For millennia it was called simply “The City.”  It was understood that there was no greater, richer, or more powerful city anywhere in the world.
Today, although Ankara is the capital of the Turkish Republic, Istanbul is the country’s heart and soul, the center of its history, arts, fashion, commerce, and higher education.  Founded as a fishing village called Byzantium, it later became Constantinople, the capital of the Byzantine (Later Roman) Empire, until captured by the Ottoman Turkish armies of Sultan Mehmet the Conqueror in 1453.  During the five centuries of their reign, the Ottoman sultans allowed the Christian inhabitants to retain some of their churches and encouraged Jewish immigrants driven from Spain by the Spanish Inquisition to settle here.

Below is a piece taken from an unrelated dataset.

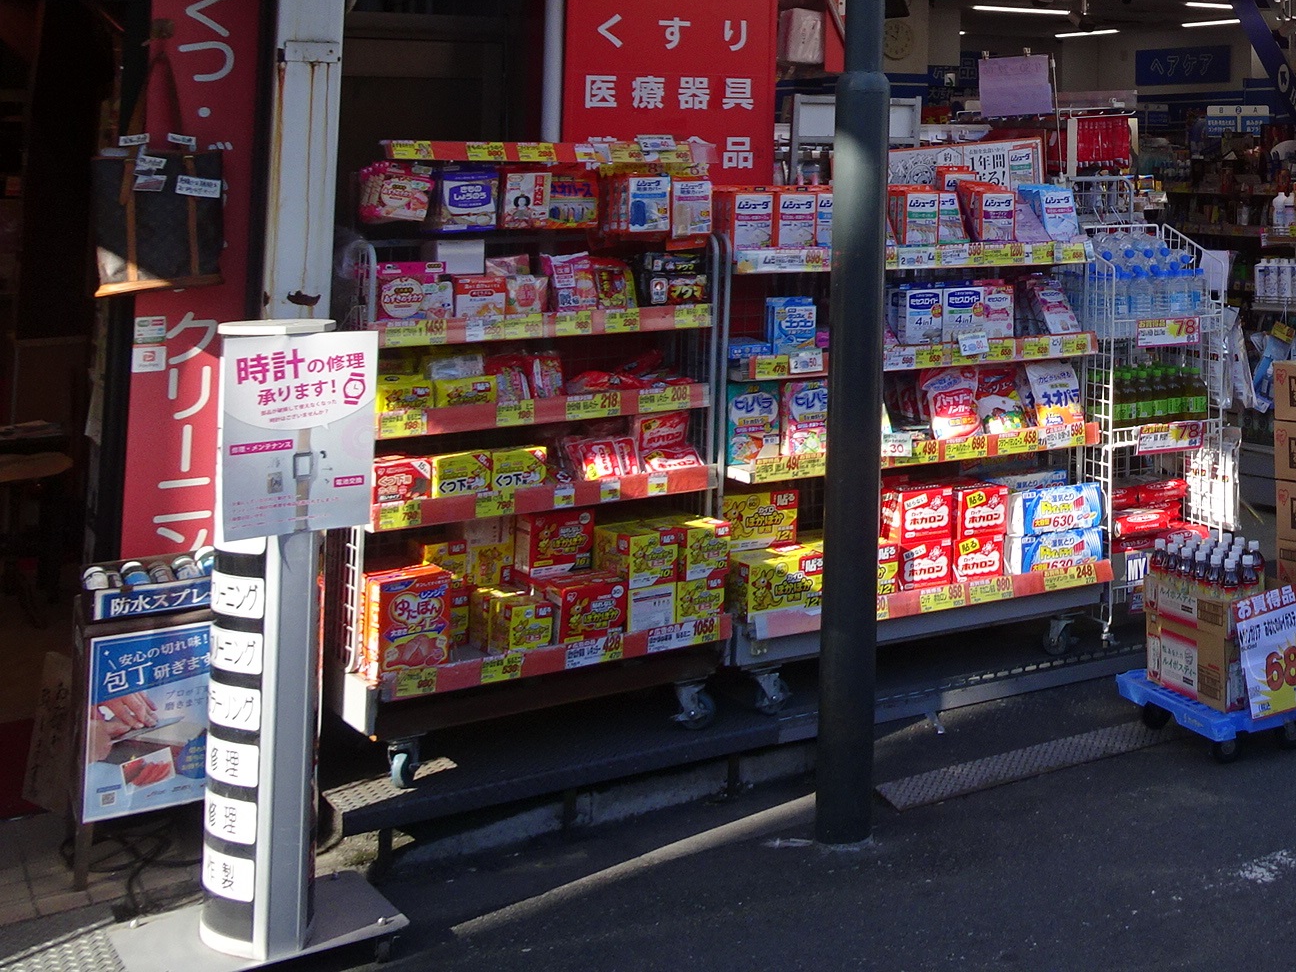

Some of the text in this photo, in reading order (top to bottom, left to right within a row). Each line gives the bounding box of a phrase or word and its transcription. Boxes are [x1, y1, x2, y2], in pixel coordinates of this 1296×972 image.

The historic center of the city, with its Byzantine Hippodrome, is Sultanahmet Square.  The Hippodrome, the scene of chariot races and political riots in Byzantine times, and of horseback-riding games and archery contests during the Ottoman era, is now a pleasant park.  Beneath its northern end lies the eerie Basilica Cistern, a palatial 6th century underground reservoir supported by 336 columns.  Spread along the east side of the Hippodrome is the famous Blue Mosque (Mosque of Sultan Ahmet I), its domes swelling skyward framed by six slender minarets.  On the west side, the Palace of Ibrahim Pasha, Grand Vezir to Sultan Suleyman the Magnificent, now houses the treasure-filled Museum of Turkish and Islamic Arts.

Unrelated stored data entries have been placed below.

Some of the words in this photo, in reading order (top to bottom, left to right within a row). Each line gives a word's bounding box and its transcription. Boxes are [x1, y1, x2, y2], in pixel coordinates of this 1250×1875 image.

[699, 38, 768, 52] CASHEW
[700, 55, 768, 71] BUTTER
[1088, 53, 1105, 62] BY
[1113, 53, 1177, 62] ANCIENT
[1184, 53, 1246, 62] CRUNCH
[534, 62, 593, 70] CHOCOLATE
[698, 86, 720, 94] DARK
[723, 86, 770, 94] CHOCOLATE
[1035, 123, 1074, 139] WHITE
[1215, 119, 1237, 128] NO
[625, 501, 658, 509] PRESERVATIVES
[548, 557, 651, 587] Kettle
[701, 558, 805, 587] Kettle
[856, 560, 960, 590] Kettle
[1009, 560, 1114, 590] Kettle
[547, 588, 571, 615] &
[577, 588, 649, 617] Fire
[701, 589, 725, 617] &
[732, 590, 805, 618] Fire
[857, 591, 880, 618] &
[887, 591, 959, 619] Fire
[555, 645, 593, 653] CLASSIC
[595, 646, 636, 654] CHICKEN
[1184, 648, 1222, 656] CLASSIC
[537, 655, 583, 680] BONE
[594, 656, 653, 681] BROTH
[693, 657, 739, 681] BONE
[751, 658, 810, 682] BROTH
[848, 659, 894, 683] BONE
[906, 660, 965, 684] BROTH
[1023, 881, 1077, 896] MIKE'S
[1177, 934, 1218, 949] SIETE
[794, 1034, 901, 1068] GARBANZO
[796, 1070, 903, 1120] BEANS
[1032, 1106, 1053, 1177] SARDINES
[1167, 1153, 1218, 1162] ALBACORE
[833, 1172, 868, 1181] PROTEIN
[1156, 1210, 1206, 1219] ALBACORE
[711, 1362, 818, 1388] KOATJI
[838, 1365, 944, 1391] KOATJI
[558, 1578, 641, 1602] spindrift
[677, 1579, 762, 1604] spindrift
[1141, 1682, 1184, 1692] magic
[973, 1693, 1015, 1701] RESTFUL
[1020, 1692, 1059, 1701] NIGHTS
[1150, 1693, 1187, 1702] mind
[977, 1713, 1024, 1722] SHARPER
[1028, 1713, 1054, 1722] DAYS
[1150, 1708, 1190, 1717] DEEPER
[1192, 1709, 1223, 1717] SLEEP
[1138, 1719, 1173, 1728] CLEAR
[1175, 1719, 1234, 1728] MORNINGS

The huge bulk of Ayasofya (Saint Sophia, Church of the Divine Wisdom) looms over the square.  Built by the Emperor Justinian in 537 A.D., this was the greatest church in Christendom for a thousand years, and an architectural masterpiece to this day.  Used as a mosque during Ottoman times, it is now a museum. 

Spreading across Seraglio Point and covering 172 acres, Topkapi Palace is a vast assemblage of garden-filled courtyards, richly decorated chambers, kiosks, pools, and passageways.  It was home to the Ottoman imperial family for 450 years.  Don’t miss the Imperial Treasury, stuffed with incredible wealth including an 86 carat diamond and a 7 lb emerald; the richly tiled Baghdad and Erivan pleasure kiosks; the gilded Council Chamber; the massive kitchens now filled with exhibits of fine Chinese porcelain; and of course the Imperial Harem, the palace’s family quarters.  Walk along Divan Yolu, the imperial road that led to Rome, to reach the Grand Bazaar, a covered maze of some 4,000 shops selling everything from trash to treasures.  Don’t forget Beyoglu, the historic diplomatic district on the north shore of the Golden Horn.  Its cobbled streets are now filled with shops, sidewalk cafes and trendy music clubs.  Also be sure to take an excursion boat up the Bosphorus to enjoy the views of its verdant coasts dotted with imperial palaces and Ottoman-era villages.  But whatever you do, you’ll take away precious memories.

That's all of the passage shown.